In August 1999, an additional 120 beneficiary numbers were placed on payment denial screens. There were still no complaints from beneficiaries. Since these screens were implemented the Medicare contractor has denied claims totaling over $7.3 million. We anticipate adding more Medicare beneficiary numbers to this project.

In addition to these investigations, we found several other problems in the area of durable medical equipment.

OIG Evaluations of Specific DME Services -

We found that Medicare paid an estimated $20.6 million in 1997 for services that started after a beneficiary\'s date of death. Almost half of this was for durable medical equipment claims.
We recently reported that 42 percent of claims for orthotic body jackets were for more expensive items than the one actually provided.
We reported that nearly 25 percent of certificates of medical necessity for home oxygen were inaccurate or incomplete. In addition, 13 percent of beneficiaries reported never using their portable oxygen systems.
We found that 57 percent of documentation for therapeutic shoe claims were missing or inaccurate.
We found that Medicare allowed an estimated $79 million in 1997 in claims for blood glucose test strips, of which the appropriate documentation was flawed or missing. Of this, $16.5 million in claims were for beneficiaries who were not eligible to receive test strips because they did not receive insulin. In 18 percent of the claims, reviewers could not find documentation indicating that the product was delivered.
Partial Hospitalization and Community Mental Health Centers

In collaboration with HCFA, we examined the growth of Medicare expenditures to community mental health centers for partial hospitalization services (highly intensive psychiatric services). We found that Medicare was paying for services to beneficiaries who had no history of mental illness and for therapy sessions that consisted of only recreational and diversionary activities, such as watching television, dancing and playing games. Our review in five States, which accounted for 77 percent of partial hospitalization payments to mental health centers nationally during 1996, disclosed that over 90 percent of the services, or $229 million in Medicare payments, were unallowable or highly questionable. From that review, we were able to identify potentially abusive centers for in-depth audits and, based on our results, referred all of these centers for investigation of potential fraud. Currently, investigations are underway at 18 centers identified from this work and other sources.
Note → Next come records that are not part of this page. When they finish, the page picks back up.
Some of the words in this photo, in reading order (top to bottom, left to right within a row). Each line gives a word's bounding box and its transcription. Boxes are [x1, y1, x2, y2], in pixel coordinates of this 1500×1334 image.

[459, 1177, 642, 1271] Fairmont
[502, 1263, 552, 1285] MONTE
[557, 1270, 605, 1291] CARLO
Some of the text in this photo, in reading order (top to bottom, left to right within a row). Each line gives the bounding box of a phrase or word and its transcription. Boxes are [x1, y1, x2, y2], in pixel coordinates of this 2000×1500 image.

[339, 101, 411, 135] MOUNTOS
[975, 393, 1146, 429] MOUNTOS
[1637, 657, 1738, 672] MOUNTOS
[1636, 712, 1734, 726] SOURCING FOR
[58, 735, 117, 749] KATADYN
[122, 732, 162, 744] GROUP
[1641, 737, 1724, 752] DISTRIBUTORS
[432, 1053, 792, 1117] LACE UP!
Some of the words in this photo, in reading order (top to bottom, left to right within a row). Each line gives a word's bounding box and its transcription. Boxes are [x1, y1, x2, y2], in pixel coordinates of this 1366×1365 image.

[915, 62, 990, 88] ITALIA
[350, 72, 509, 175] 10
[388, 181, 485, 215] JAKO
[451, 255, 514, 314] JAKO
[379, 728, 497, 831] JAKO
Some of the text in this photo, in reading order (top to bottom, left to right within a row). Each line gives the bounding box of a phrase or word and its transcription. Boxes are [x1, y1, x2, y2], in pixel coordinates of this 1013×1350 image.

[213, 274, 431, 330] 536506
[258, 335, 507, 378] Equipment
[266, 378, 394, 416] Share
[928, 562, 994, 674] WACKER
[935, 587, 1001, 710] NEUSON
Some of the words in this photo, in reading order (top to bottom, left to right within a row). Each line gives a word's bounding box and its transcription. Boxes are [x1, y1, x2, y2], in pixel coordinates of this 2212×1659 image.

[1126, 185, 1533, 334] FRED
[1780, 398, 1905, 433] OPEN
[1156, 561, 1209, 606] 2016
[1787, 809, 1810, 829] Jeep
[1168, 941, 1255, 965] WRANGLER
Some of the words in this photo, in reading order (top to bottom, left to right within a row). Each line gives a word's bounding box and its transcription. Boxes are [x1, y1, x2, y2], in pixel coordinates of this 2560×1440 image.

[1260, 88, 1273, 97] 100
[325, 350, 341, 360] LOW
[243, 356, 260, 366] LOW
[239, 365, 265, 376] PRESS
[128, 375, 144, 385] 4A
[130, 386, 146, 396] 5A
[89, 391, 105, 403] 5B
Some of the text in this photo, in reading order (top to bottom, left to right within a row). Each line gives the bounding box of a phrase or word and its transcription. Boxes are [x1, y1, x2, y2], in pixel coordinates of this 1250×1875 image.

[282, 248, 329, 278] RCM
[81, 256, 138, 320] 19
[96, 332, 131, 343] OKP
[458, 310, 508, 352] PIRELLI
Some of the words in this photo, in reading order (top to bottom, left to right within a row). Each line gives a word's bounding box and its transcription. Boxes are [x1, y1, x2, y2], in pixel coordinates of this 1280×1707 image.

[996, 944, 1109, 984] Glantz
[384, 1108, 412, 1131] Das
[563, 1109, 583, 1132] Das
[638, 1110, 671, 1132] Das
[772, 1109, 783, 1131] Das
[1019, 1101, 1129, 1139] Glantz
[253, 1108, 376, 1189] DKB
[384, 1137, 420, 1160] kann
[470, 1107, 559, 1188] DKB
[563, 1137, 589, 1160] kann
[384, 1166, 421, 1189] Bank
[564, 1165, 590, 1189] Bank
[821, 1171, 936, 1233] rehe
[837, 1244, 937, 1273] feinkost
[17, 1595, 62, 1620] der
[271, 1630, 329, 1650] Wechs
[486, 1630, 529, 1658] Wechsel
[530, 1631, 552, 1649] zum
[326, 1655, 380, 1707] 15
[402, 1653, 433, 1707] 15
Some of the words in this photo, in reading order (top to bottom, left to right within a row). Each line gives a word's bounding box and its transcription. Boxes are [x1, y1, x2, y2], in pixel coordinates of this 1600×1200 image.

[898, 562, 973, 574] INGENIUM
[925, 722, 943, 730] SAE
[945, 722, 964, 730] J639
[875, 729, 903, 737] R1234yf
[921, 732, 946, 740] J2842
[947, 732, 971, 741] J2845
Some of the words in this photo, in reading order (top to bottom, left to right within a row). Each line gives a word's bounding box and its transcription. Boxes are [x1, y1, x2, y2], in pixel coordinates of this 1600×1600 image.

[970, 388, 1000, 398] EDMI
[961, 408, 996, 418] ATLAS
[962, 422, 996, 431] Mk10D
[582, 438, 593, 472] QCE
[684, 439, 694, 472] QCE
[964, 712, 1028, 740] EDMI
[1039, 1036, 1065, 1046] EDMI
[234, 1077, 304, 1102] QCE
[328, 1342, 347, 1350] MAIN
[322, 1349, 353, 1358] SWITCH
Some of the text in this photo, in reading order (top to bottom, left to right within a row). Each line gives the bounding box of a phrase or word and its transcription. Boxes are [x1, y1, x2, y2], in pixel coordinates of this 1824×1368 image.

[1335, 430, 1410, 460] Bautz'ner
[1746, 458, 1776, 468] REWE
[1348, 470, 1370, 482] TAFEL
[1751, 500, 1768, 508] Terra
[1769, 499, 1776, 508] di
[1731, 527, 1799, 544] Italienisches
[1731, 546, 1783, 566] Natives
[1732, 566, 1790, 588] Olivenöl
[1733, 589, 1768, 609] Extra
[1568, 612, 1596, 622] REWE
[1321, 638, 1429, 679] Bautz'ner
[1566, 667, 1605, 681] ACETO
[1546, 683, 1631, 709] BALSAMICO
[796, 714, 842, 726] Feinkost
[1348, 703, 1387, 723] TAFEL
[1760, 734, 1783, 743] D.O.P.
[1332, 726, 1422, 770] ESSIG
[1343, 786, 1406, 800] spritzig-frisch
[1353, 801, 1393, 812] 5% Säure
Hospital Outpatient Psychiatric Services

The OIG conducted a 10-State review of outpatient psychiatric services, which accounted for 77 percent of the value of the partial hospitalization program and other outpatient psychiatric claims at acute care hospitals nationally. We estimated that almost 60 percent of the $382 million in 1997 outpatient psychiatric claims made by hospitals did not meet Medicare reimbursement requirements. These unallowable services included: services not reasonable and necessary for the patient\'s condition; services not authorized and/or supervised by a physician; services not adequately documented or not documented at all; and services rendered by unlicenced personnel. Our reviews at individual hospitals found similar problems, as well as alteration of medical record after we selected the records for review. To determine whether fraud was a factor in these cases, additional work is being performed. Overall, we have 69 ongoing investigations.

Medicare Contractors

The Medicare program is administered by the Health Care Financing Administration (HCFA) with the help of 64 contractors that handle claims processing and administration. The contractors are responsible for paying health care providers for the services provided under Medicare fee-for-service, providing a full accounting of funds and conducting activities designed to safeguard the program and its funds. There are two types of contractors -- fiscal intermediaries and carriers. Intermediaries process claims filed under Part A of the Medicare program from institutions, such as hospitals and skilled nursing facilities; carriers process claims under Part B of the program from other health care providers such as physicians and medical equipment suppliers.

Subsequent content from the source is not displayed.